Follow a plan
Hopefully you’ve been following a triathlon specific plan in preparation for the big day, so your body knows what’s coming! I think it’s always a good idea to roughly follow a plan so that you are definitely getting enough training in, and the right amounts of each discipline.
Practice your weaknesses
If up to now you’ve been subbing your swim sessions for the gym because that’s your least favourite part – it’s time to double up on those sessions. It’s easy to work hardest at the parts you enjoy the most, but that’s not very helpful come race day!
Practice brick sessions
In triathlete-speak, a brick means doing two disciplines back to back, just like you would in the race. It’s not necessary to do the whole distance, but it’s a good idea to try running for 10-15 minutes off the bike, to get used to those ‘jelly legs’ that you experience at first.

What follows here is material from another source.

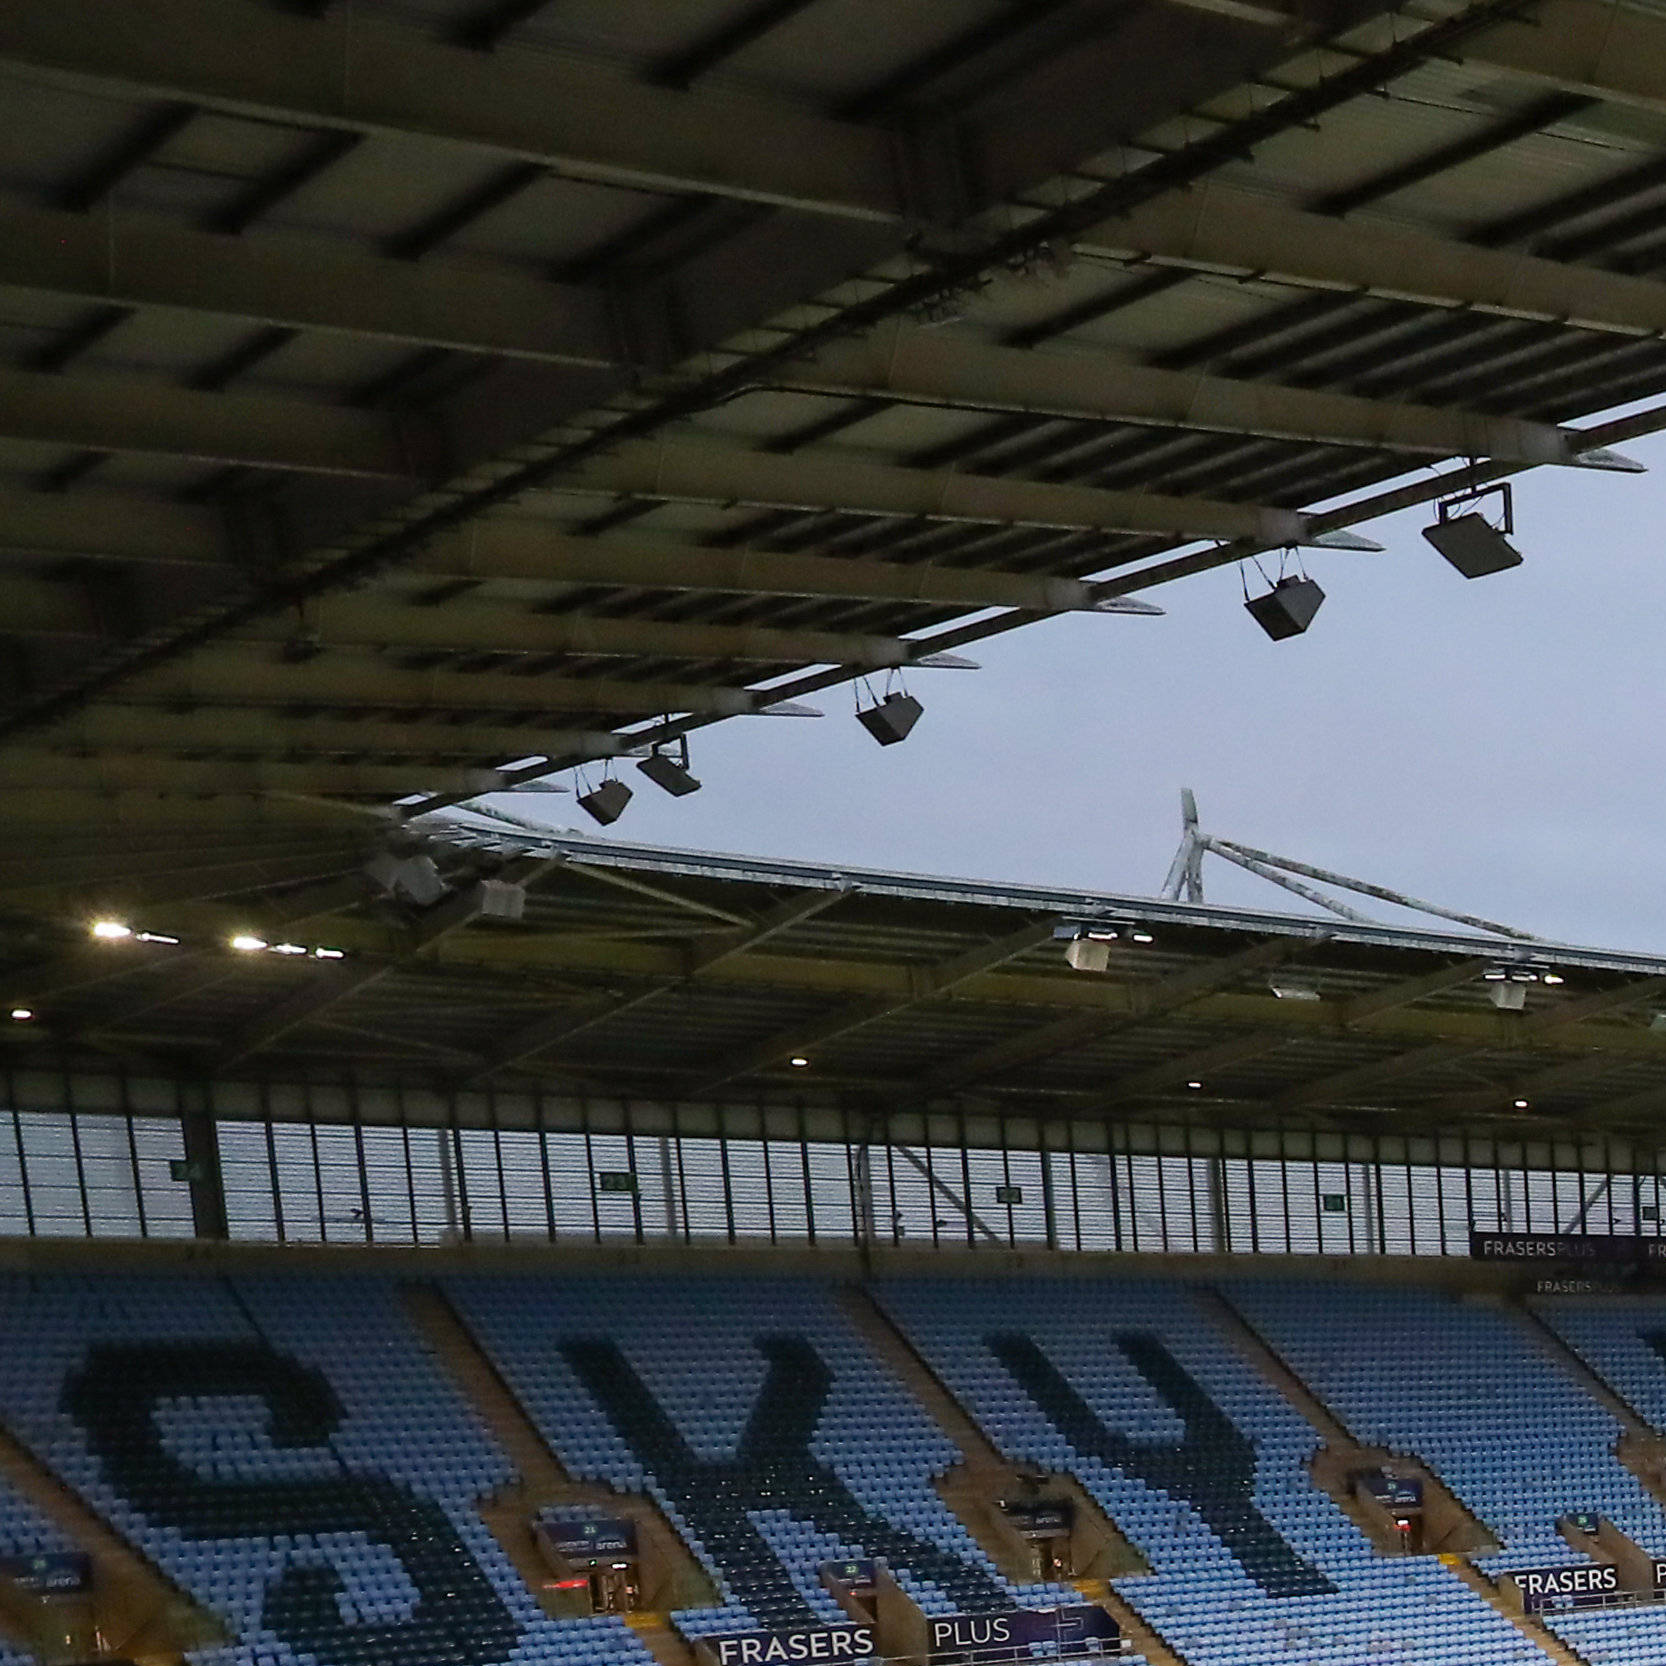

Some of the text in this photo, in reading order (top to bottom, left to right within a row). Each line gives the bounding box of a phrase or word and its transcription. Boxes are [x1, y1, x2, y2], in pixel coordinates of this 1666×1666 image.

You don’t want to turn up on race-day with a brand new tri-suit that chaffs your under-arms the whole way around the course. Make sure you get a good amount of training sessions done in anything you plan on using on the day.
Train your stomach
The nutrition part is just as important as the training, so make sure you practice. Test out which evening meal before a training day works best, and the same with race day breakfast – try not to give your tummy too many surprises. If you’re planning on using energy gels, drinks on snacks during the race, then practice, practice, practice.
Know how to ride a bike but no idea how to fix one? It’s time to get skilled! If you get a puncture during the race, it’s up to you to sort it. It’s not something you can just guess, I would suggest watching some YouTube tutorials and then practicing a few times before the day.
Become a confident open water swimmer, and try to relax
Very few people like the swim start, it basically feels like you are in a giant washing machine of people, with arms and legs flying at you from every angle. It’s easy to panic in this situation – which is not ideal when swimming. It’s important to get some open-water swim sessions under your belt before you race (to also get used to the cold), and to think about some techniques to help you relax when you go into a panic.
Keep on top of your recovery
With the race only a few weeks away, it’s important to stay on top of your recovery. I would recommend foam rolling daily, mobility work, and some Pilates. Injuries can happen at any time (and often do), so make sure recovery is a priority!
Get your bike tuned and cleaned
Take your bike to your local bike shop before the race to make sure it’s in tip-top condition, it’s oiled up and the breaks are all working properly! It’s a good idea to give it a good clean too!
If you are new to racing, you are probably new to the idea of tapering too. It’s important to go into your race feeling fresh and strong, which means you need to think about reducing the volume of training 1-2 weeks before the race. The intensity of training should stay the same (we don’t want your legs going to sleep), but the frequency and volume should definitely be cut back.